WORKING DATA section start
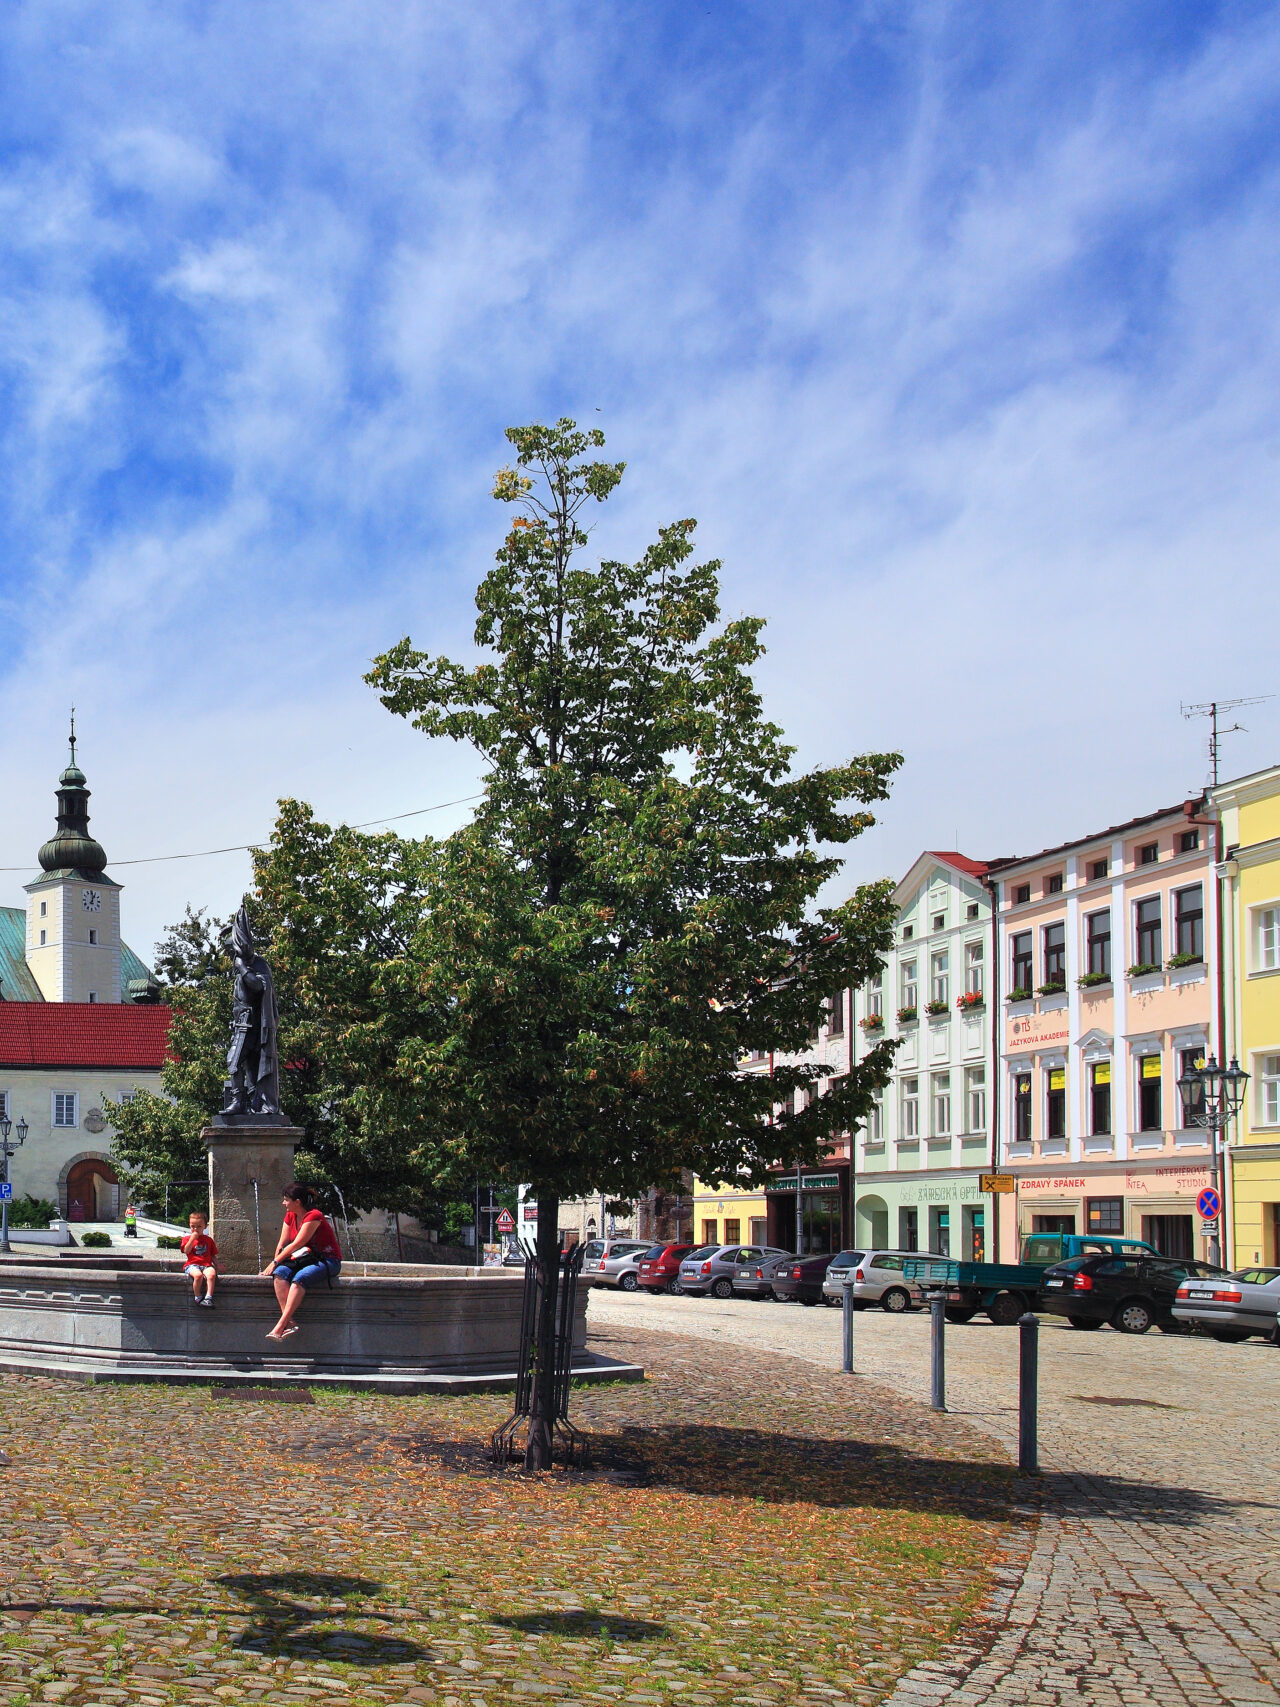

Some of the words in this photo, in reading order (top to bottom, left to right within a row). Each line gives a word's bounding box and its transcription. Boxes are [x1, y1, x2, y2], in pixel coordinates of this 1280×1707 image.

[1040, 1030, 1070, 1042] AKADEMIE
[1021, 1177, 1051, 1189] ZDRAVÝ
[1053, 1177, 1086, 1188] SPÁNEK
[1176, 1178, 1207, 1188] STUDIO
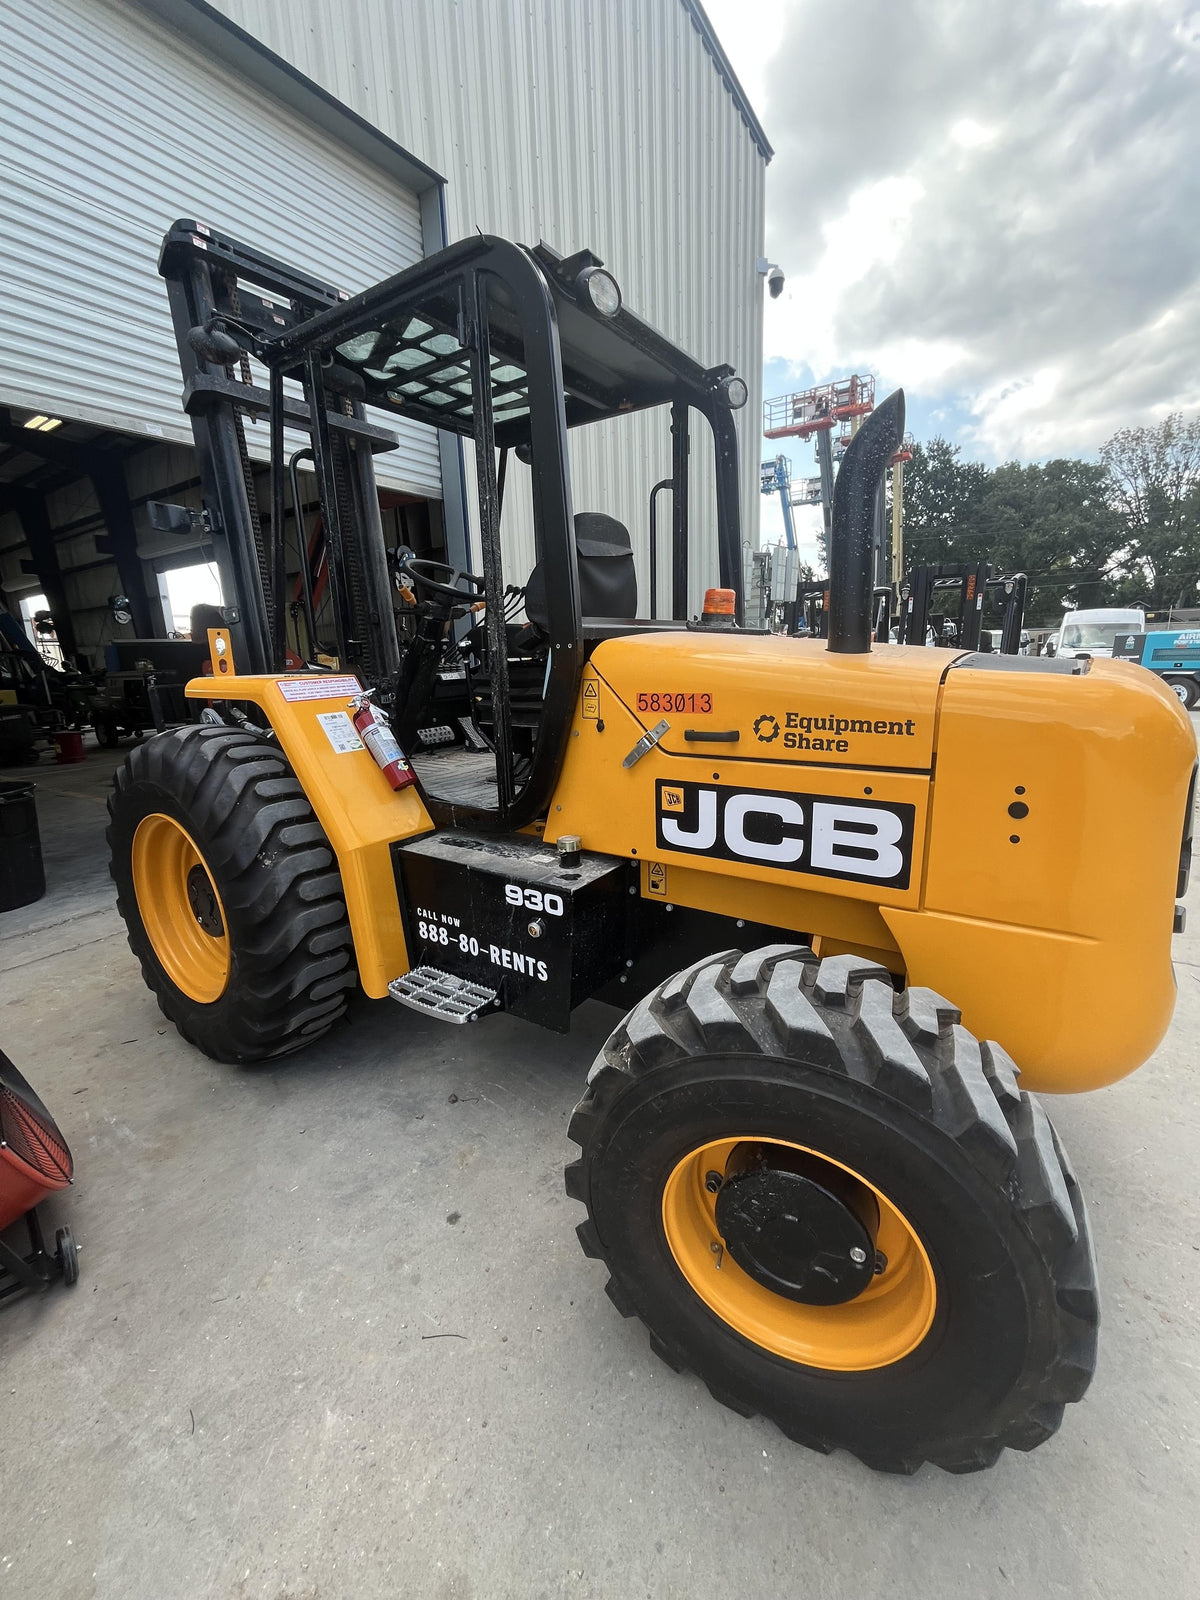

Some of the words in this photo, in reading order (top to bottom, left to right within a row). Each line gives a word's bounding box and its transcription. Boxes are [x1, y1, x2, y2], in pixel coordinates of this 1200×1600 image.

[638, 693, 712, 713] 583013
[785, 712, 916, 736] Equipment
[783, 732, 849, 753] Share
[661, 789, 904, 879] JCB
[504, 883, 564, 917] 930
[416, 907, 438, 921] CALL
[441, 914, 461, 928] NOW
[418, 920, 549, 982] 888-80-RENTS
WORKING DATA section end
## INSTRUCTIONS TO FOLLOW
Without the pictures, copy out all the records above exactly.

## YOUR SOLUTION
Some of the words in this photo, in reading order (top to bottom, left to right within a row). Each line gives a word's bounding box and its transcription. Boxes are [x1, y1, x2, y2], in pixel coordinates of this 1280×1707 image.

[1040, 1030, 1070, 1042] AKADEMIE
[1021, 1177, 1051, 1189] ZDRAVÝ
[1053, 1177, 1086, 1188] SPÁNEK
[1176, 1178, 1207, 1188] STUDIO

Some of the words in this photo, in reading order (top to bottom, left to right within a row). Each line gives a word's bounding box and its transcription. Boxes are [x1, y1, x2, y2], in pixel coordinates of this 1200×1600 image.

[638, 693, 712, 713] 583013
[785, 712, 916, 736] Equipment
[783, 732, 849, 753] Share
[661, 789, 904, 879] JCB
[504, 883, 564, 917] 930
[416, 907, 438, 921] CALL
[441, 914, 461, 928] NOW
[418, 920, 549, 982] 888-80-RENTS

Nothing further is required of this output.